- Data for this exercise -

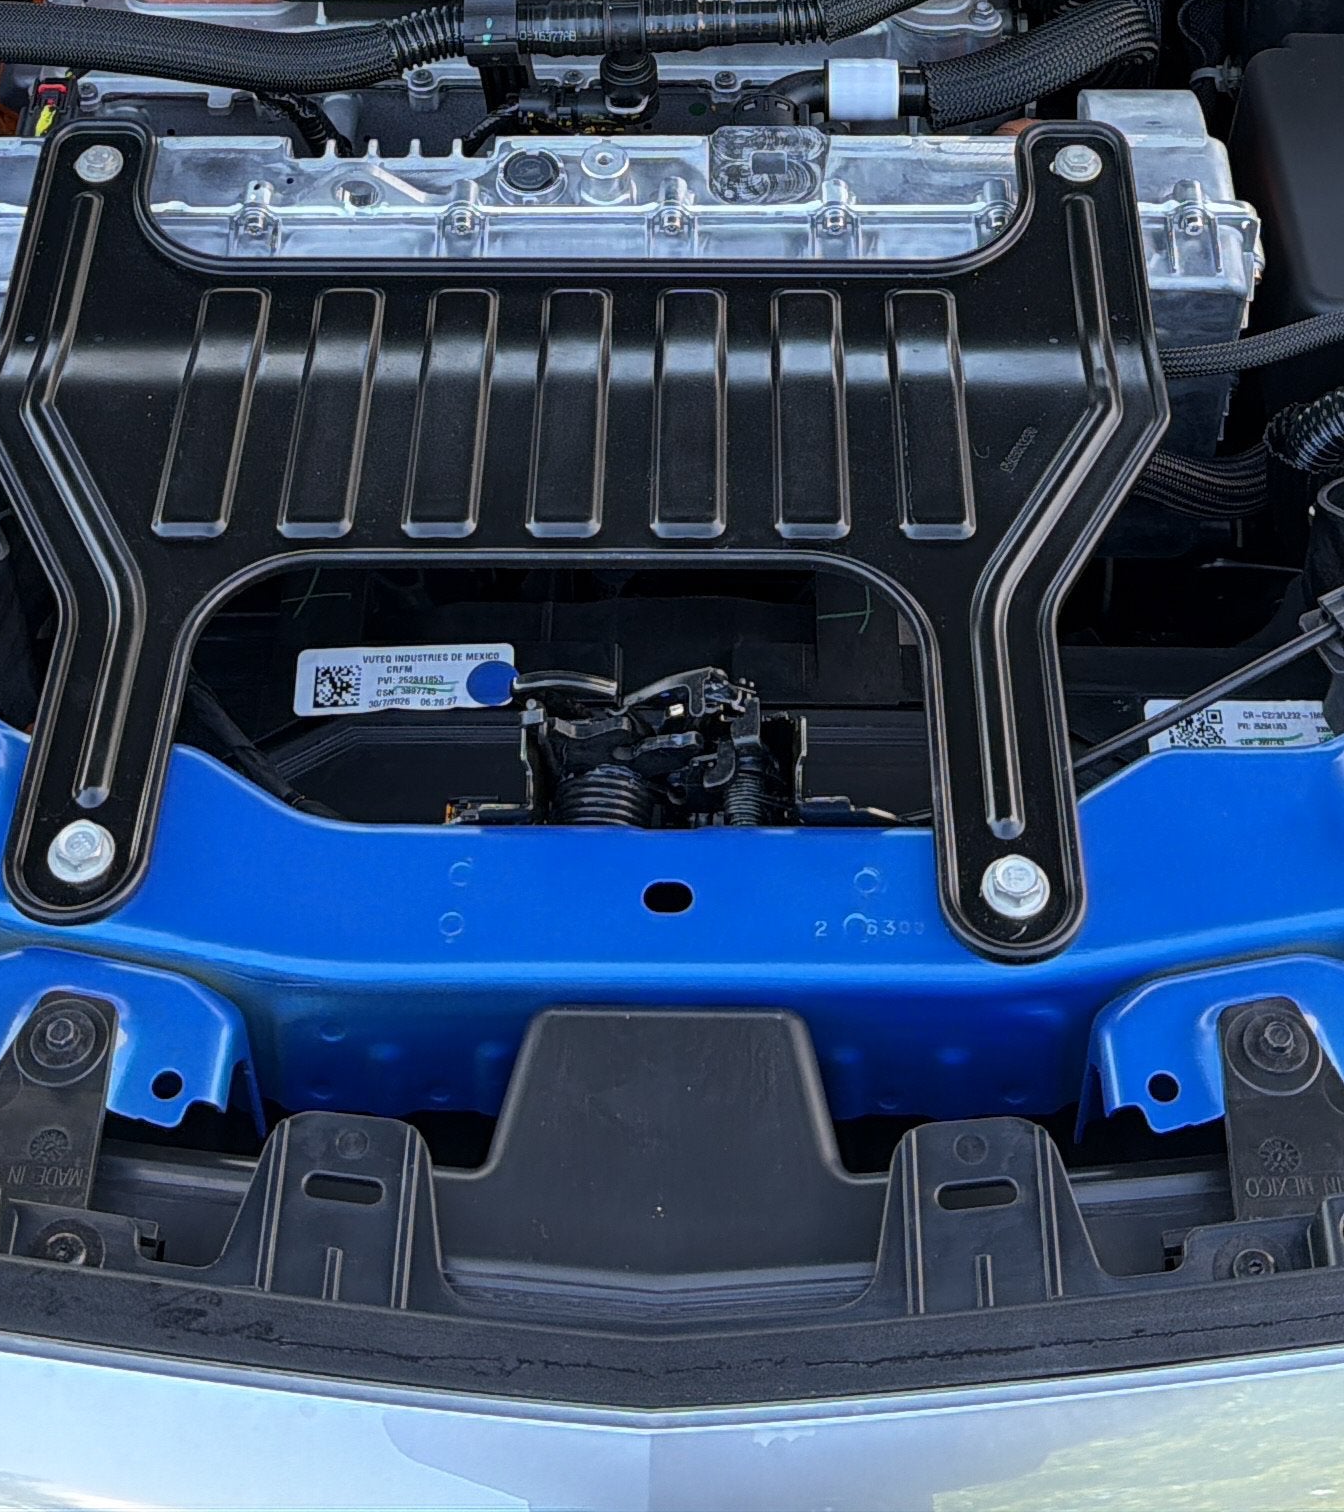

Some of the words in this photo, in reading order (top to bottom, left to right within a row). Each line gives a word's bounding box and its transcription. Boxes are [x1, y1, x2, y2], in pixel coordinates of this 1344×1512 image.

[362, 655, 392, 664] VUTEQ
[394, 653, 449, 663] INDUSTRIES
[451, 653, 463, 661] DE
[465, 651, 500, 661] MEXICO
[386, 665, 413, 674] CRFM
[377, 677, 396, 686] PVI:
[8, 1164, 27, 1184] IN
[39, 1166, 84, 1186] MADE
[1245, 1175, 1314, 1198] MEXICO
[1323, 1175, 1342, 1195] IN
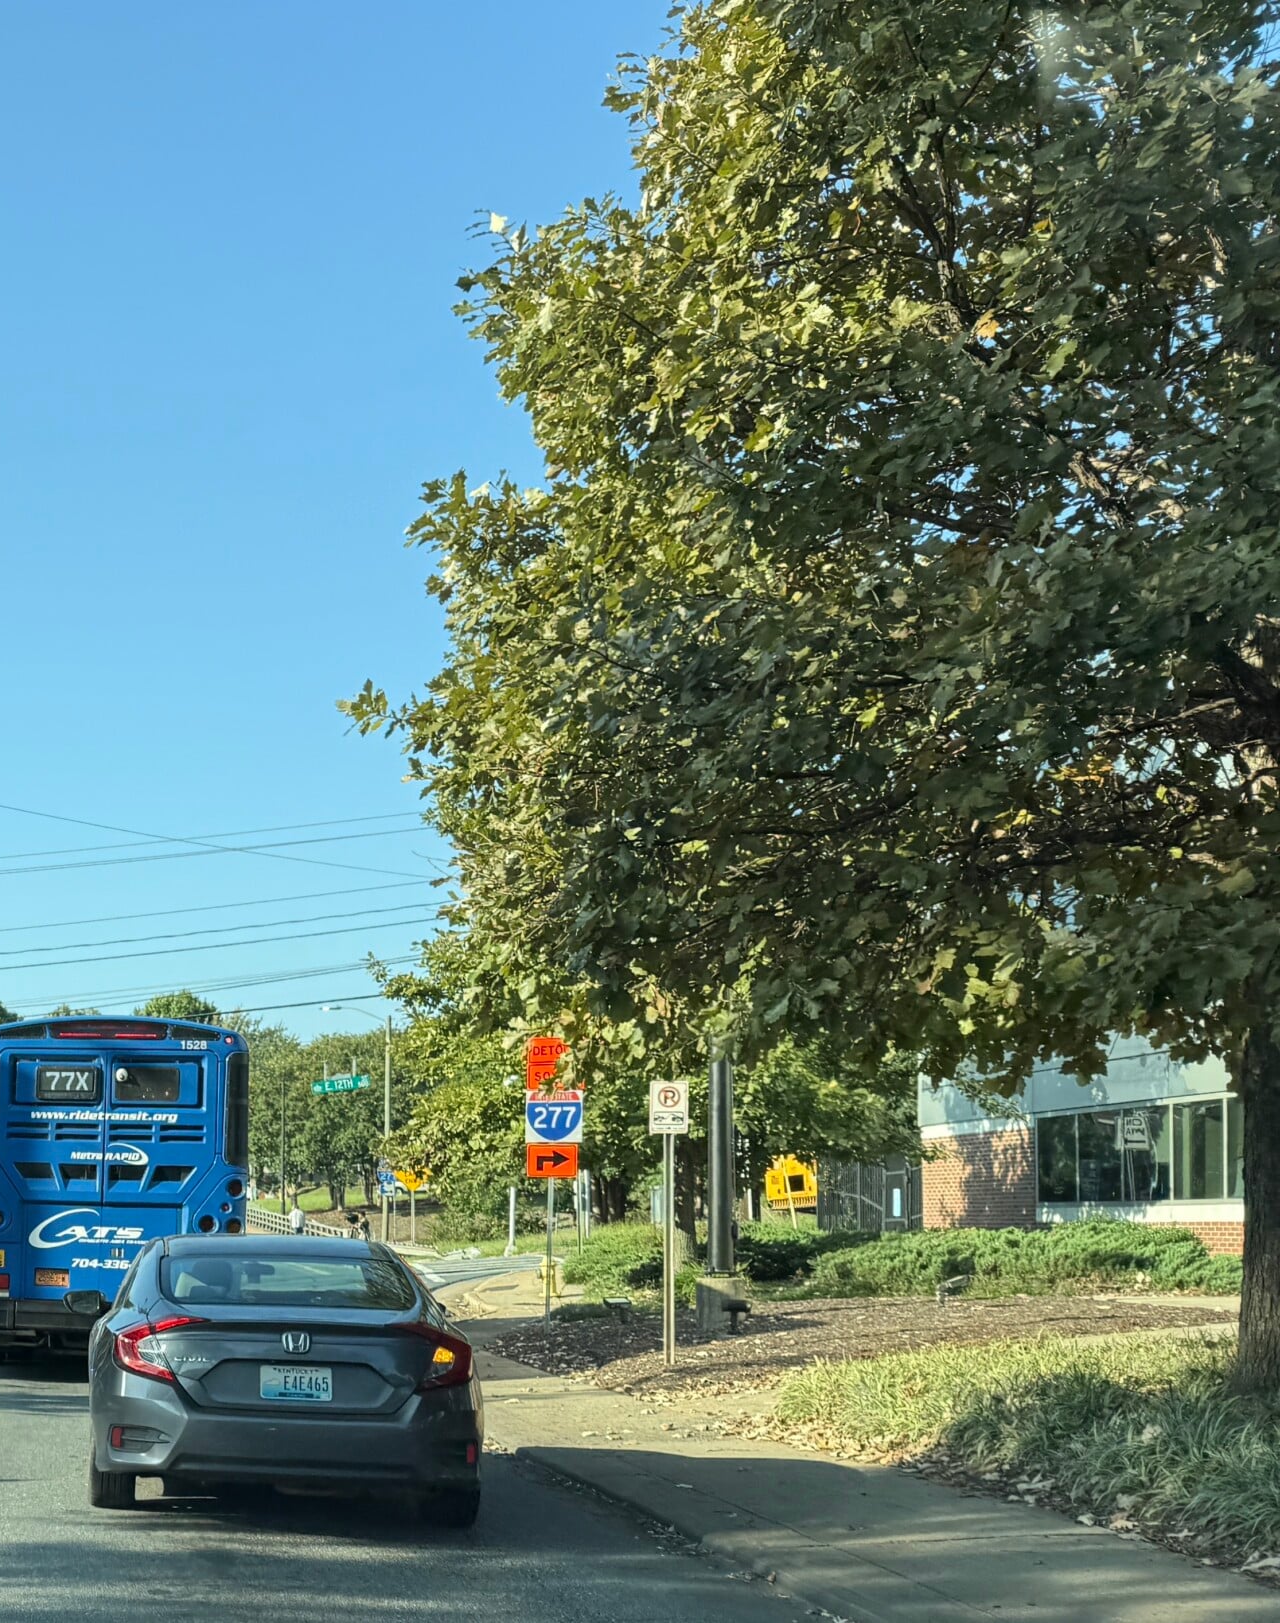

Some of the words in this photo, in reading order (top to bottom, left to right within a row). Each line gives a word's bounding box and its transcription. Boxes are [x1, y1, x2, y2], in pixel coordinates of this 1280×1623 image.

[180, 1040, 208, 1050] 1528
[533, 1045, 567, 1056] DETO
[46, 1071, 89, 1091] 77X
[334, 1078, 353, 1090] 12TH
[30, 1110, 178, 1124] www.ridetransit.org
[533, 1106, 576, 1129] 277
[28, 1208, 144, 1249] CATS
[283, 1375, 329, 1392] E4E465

- Goal of the exercise -
For this exercise, copy the entries above exactly and skip any picture.

- Exercise response -
Some of the words in this photo, in reading order (top to bottom, left to right within a row). Each line gives a word's bounding box and its transcription. Boxes are [x1, y1, x2, y2], in pixel coordinates of this 1344×1512 image.

[362, 655, 392, 664] VUTEQ
[394, 653, 449, 663] INDUSTRIES
[451, 653, 463, 661] DE
[465, 651, 500, 661] MEXICO
[386, 665, 413, 674] CRFM
[377, 677, 396, 686] PVI:
[8, 1164, 27, 1184] IN
[39, 1166, 84, 1186] MADE
[1245, 1175, 1314, 1198] MEXICO
[1323, 1175, 1342, 1195] IN

Some of the words in this photo, in reading order (top to bottom, left to right within a row). Each line gives a word's bounding box and its transcription. Boxes are [x1, y1, x2, y2], in pixel coordinates of this 1280×1623 image.

[180, 1040, 208, 1050] 1528
[533, 1045, 567, 1056] DETO
[46, 1071, 89, 1091] 77X
[334, 1078, 353, 1090] 12TH
[30, 1110, 178, 1124] www.ridetransit.org
[533, 1106, 576, 1129] 277
[28, 1208, 144, 1249] CATS
[283, 1375, 329, 1392] E4E465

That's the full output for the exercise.